Write the records out again exactly, but without pictures.

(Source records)
══════
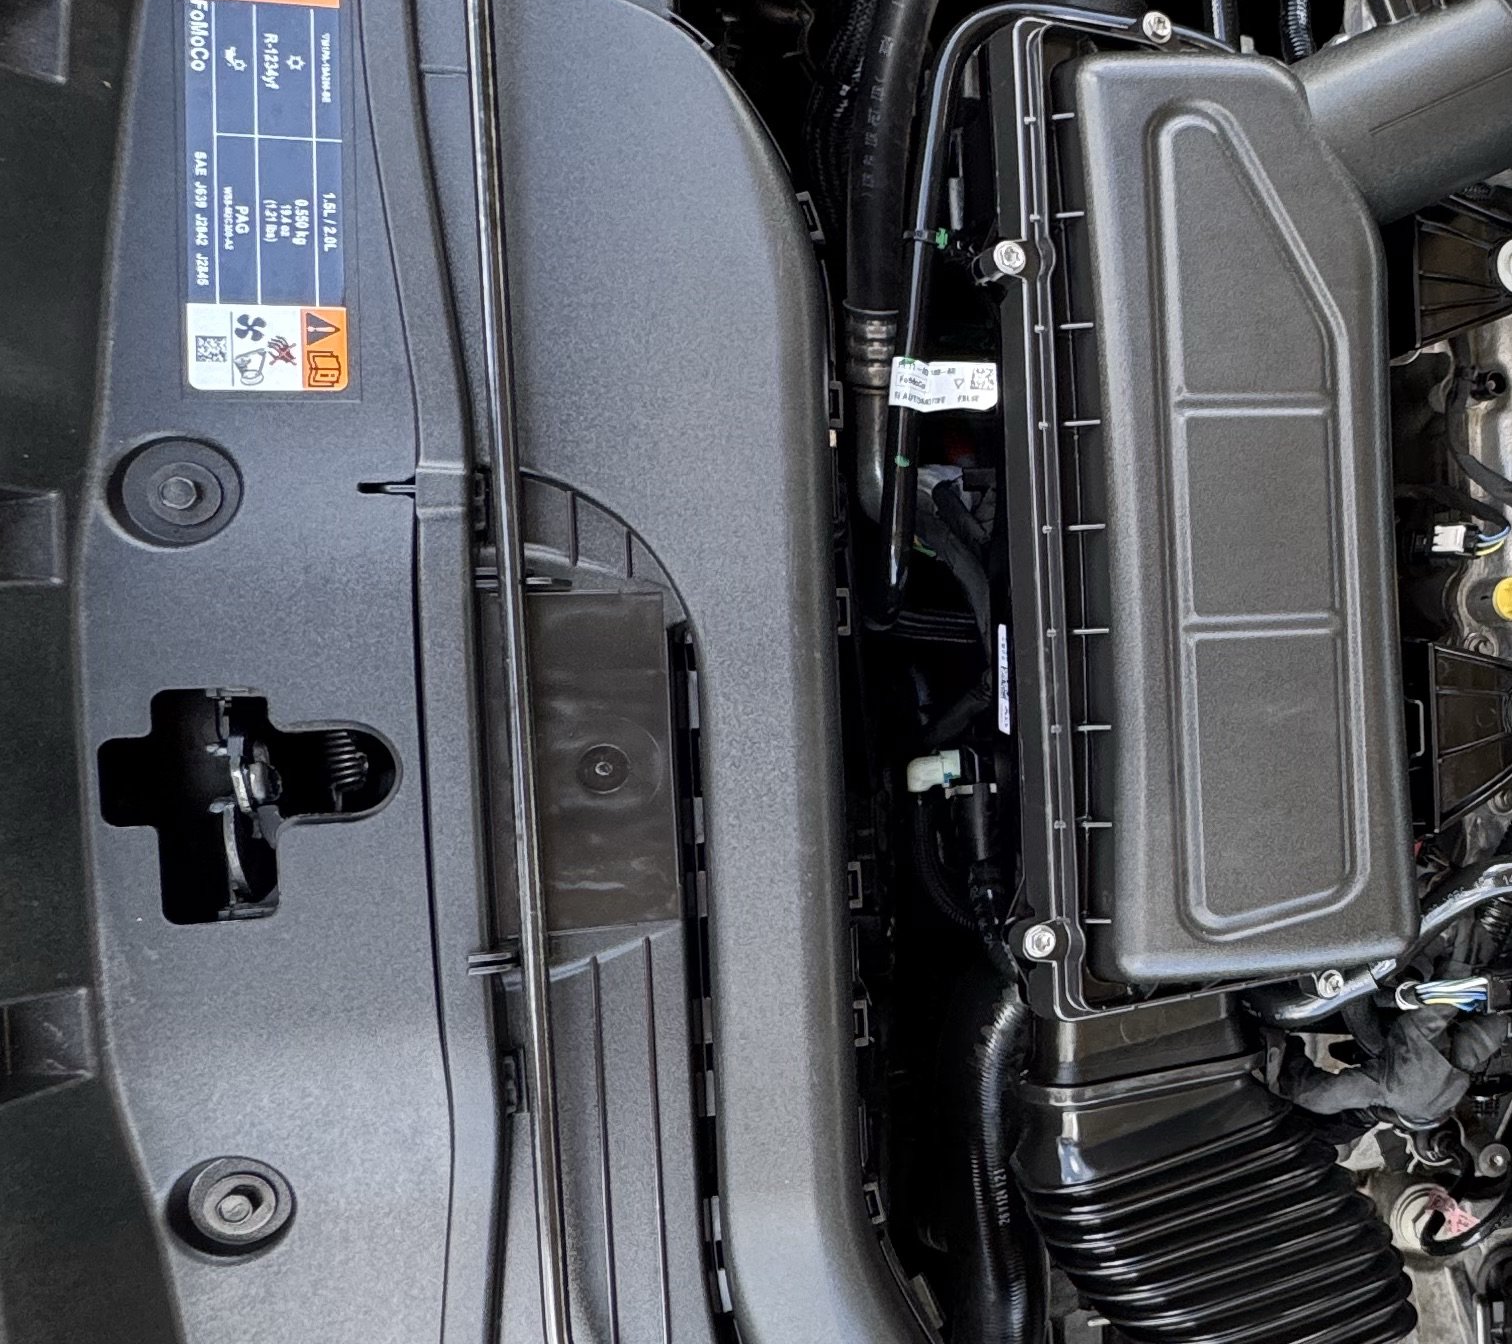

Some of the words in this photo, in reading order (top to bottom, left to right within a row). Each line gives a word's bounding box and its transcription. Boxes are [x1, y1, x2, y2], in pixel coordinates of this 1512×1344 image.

[188, 0, 210, 72] FoMoCo
[261, 32, 280, 90] R-1234yf
[235, 205, 250, 235] PAG
[294, 199, 310, 229] 0.550
[292, 231, 310, 246] kg
[323, 226, 338, 252] 2.0L
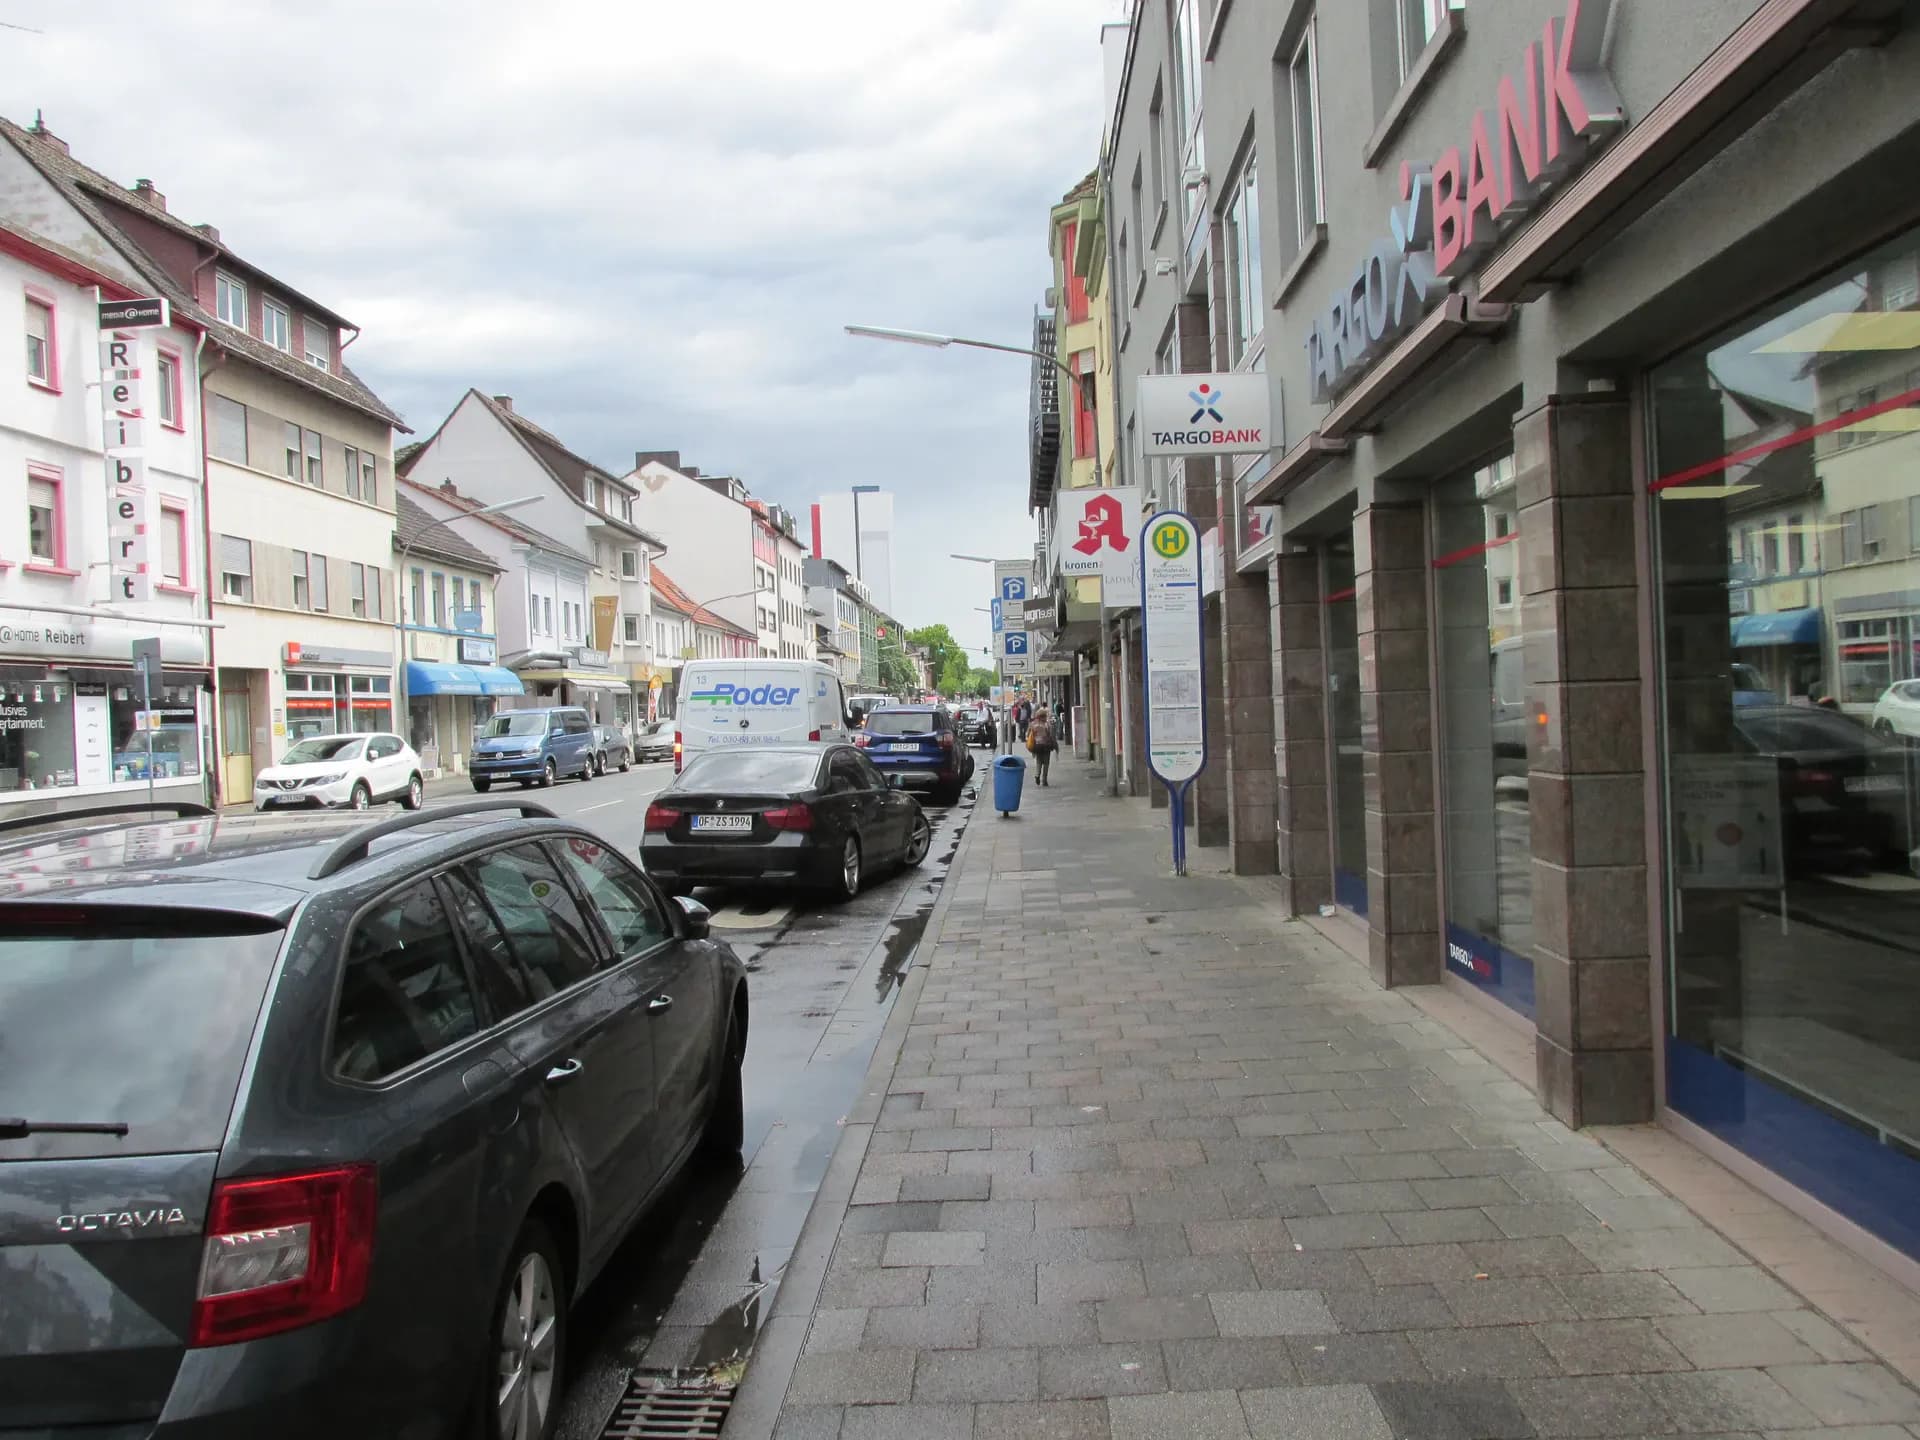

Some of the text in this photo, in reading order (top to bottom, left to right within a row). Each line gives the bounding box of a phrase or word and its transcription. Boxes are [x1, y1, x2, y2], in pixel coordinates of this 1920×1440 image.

[1304, 0, 1590, 392] TARGO BANK
[1151, 428, 1262, 446] TARGOBANK
[110, 342, 134, 599] Reibert
[45, 628, 85, 646] Reibert
[696, 675, 708, 685] 13
[699, 816, 751, 827] OF ZS 1994
[56, 1207, 185, 1232] OCTAVIA
══════
- **Solution for this problem**:
Some of the words in this photo, in reading order (top to bottom, left to right within a row). Each line gives a word's bounding box and its transcription. Boxes are [x1, y1, x2, y2], in pixel coordinates of this 1512×1344 image.

[188, 0, 210, 72] FoMoCo
[261, 32, 280, 90] R-1234yf
[235, 205, 250, 235] PAG
[294, 199, 310, 229] 0.550
[292, 231, 310, 246] kg
[323, 226, 338, 252] 2.0L

Some of the text in this photo, in reading order (top to bottom, left to right within a row). Each line gives the bounding box of a phrase or word and its transcription. Boxes are [x1, y1, x2, y2], in pixel coordinates of this 1920×1440 image.

[1304, 0, 1590, 392] TARGO BANK
[1151, 428, 1262, 446] TARGOBANK
[110, 342, 134, 599] Reibert
[45, 628, 85, 646] Reibert
[696, 675, 708, 685] 13
[699, 816, 751, 827] OF ZS 1994
[56, 1207, 185, 1232] OCTAVIA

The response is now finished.